K⁺located in 6-membered rings of low-silica CHA enhancing the lifetime and propene selectivity in MTO

Methanol-to-olefins (MTO) technology presently serves as a key to convert coal or natural gas to valuable hydrocarbons, in particular lower olefins. This work focuses on developing a low cost and environmentally benign MTO catalyst from low-silica CHA zeolite. Its moderate acidity and reaction space have been balanced by tuning the residual K+ cations in the cavity via controlled ammonium ion-exchange. The structure-dependent catalytic performances have been assessed, summarized and discussed by using various characterization techniques. The crystalline structure and crystal morphology of CHA were well preserved during the NH4+ exchange.
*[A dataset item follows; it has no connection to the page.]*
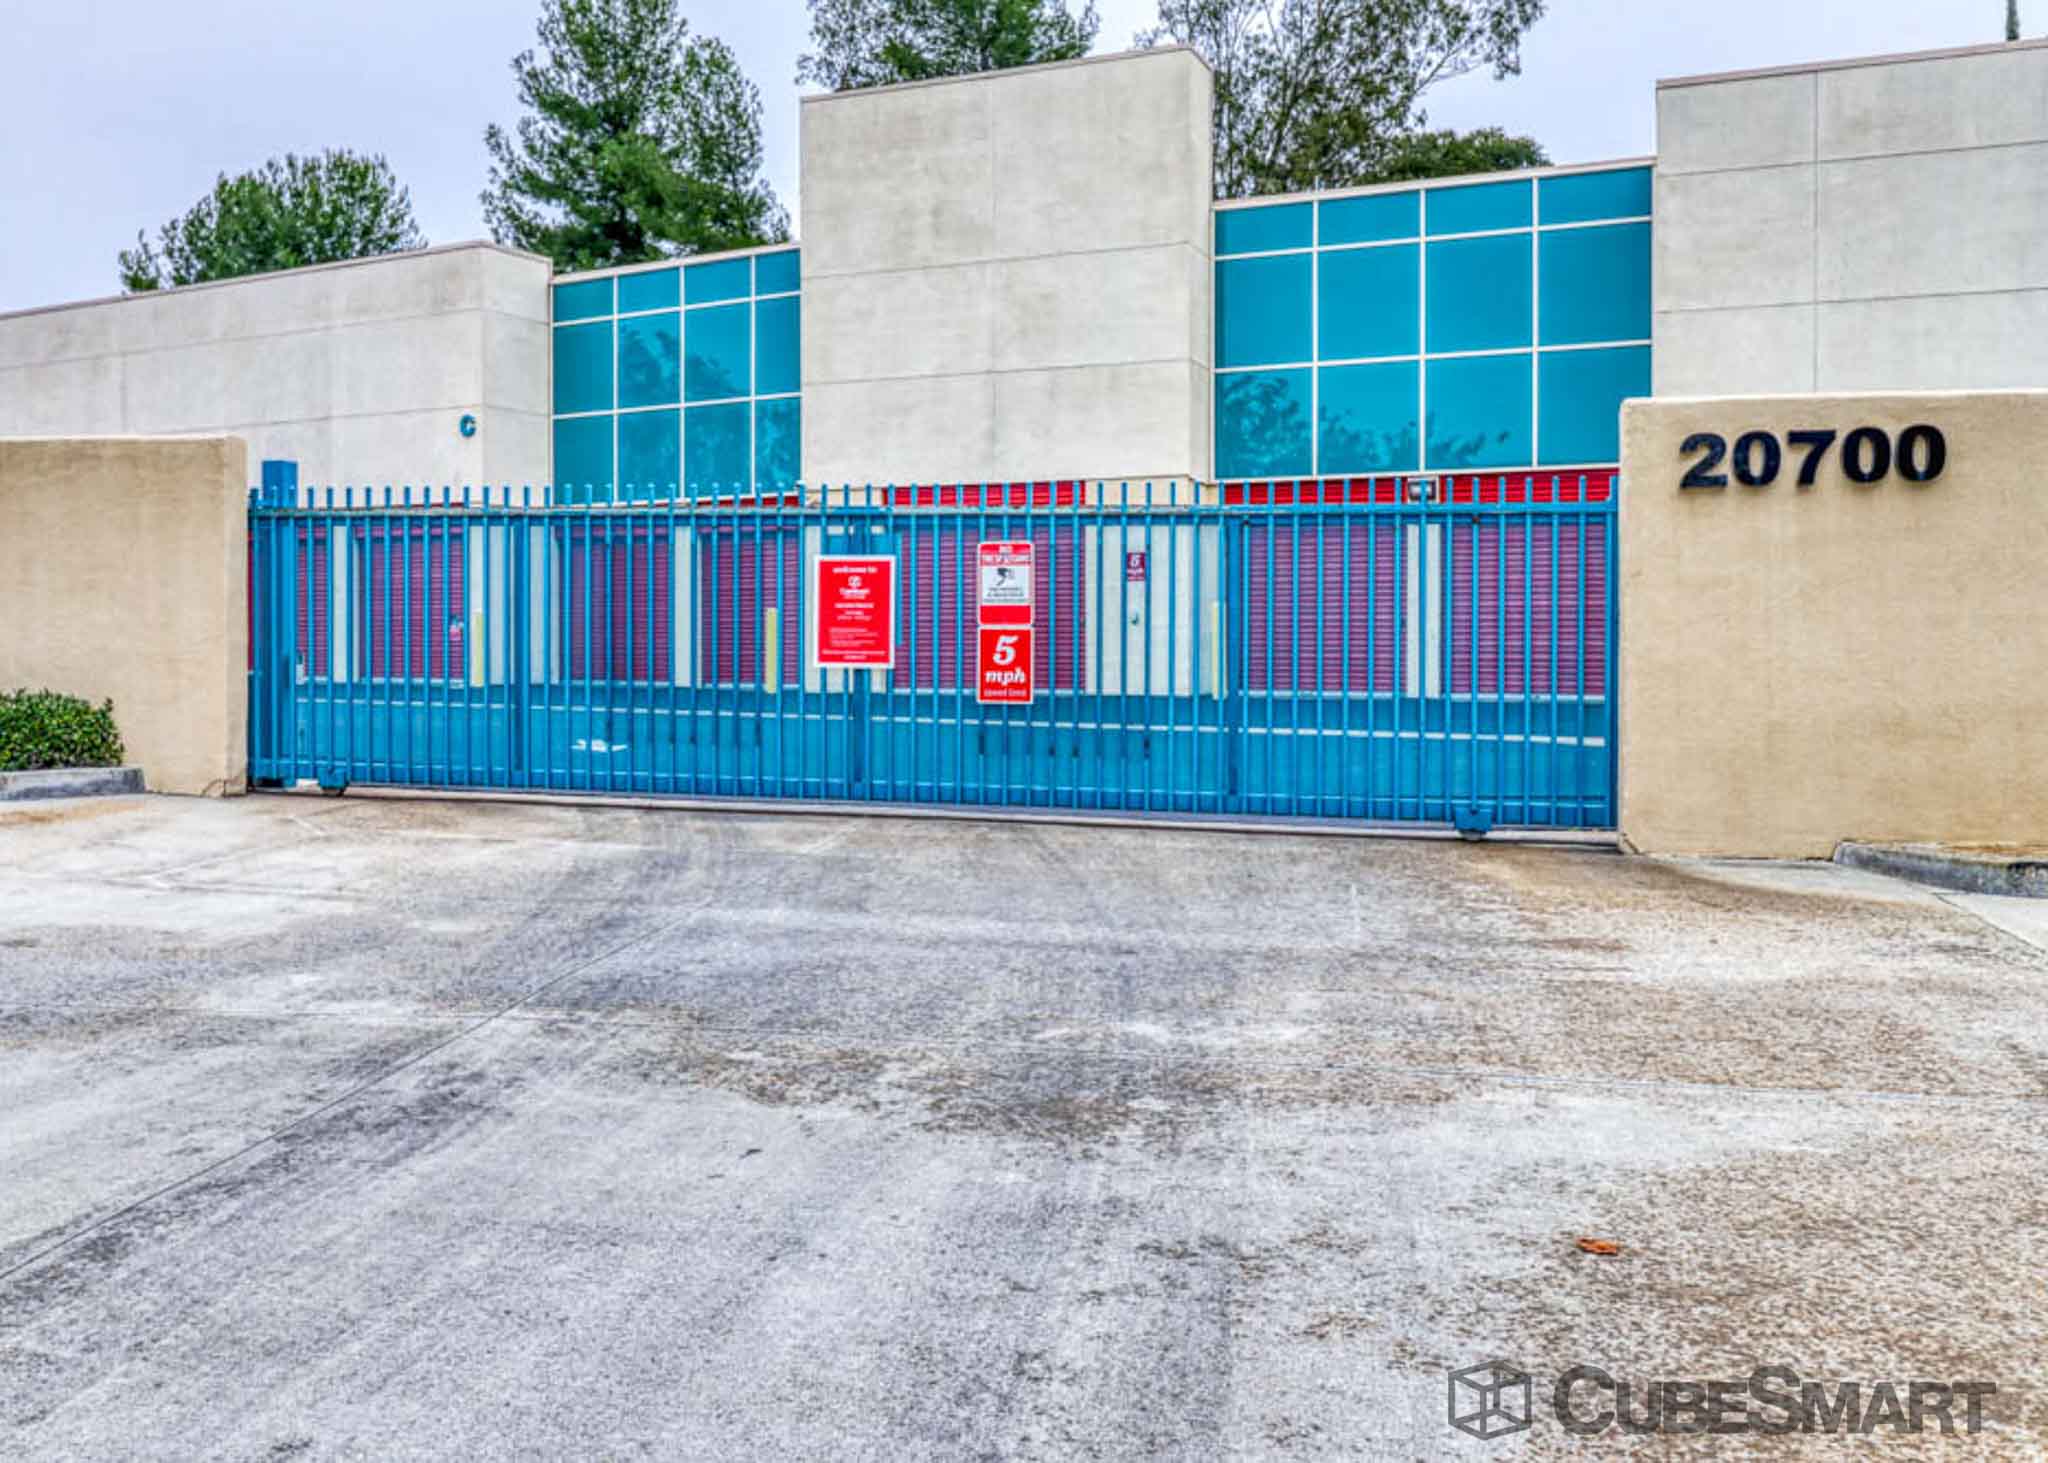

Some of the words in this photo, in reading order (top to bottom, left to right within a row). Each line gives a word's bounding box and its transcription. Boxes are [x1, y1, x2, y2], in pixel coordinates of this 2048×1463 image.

[1679, 424, 1947, 490] 20700
[993, 635, 1019, 666] 5
[985, 667, 1026, 686] mph
N2 physisorption demonstrated that the pore volume and specific surface area increased substantially after K+ cations were exchanged as a result of pore opening. NH3 temperature-programmed desorption (TPD) and NH3-adsorption IR spectra showed that the amount and strength of acid sites were regulated by the exchange level of K+ with NH4+, which was closely related to the K+ location according to NO and acetonitrile adsorption IR spectra. The completely exchanged CHA (>98% K+ exchange level) deactivated rapidly in MTO at 400 °C, whereas CHA (65% K+ exchange level) with moderate acidity showed the best catalytic performance. The moderate acidity in the open cage facilitated the formation of higher methylbenzene intermediates, giving propylene (45%) as the predominant product.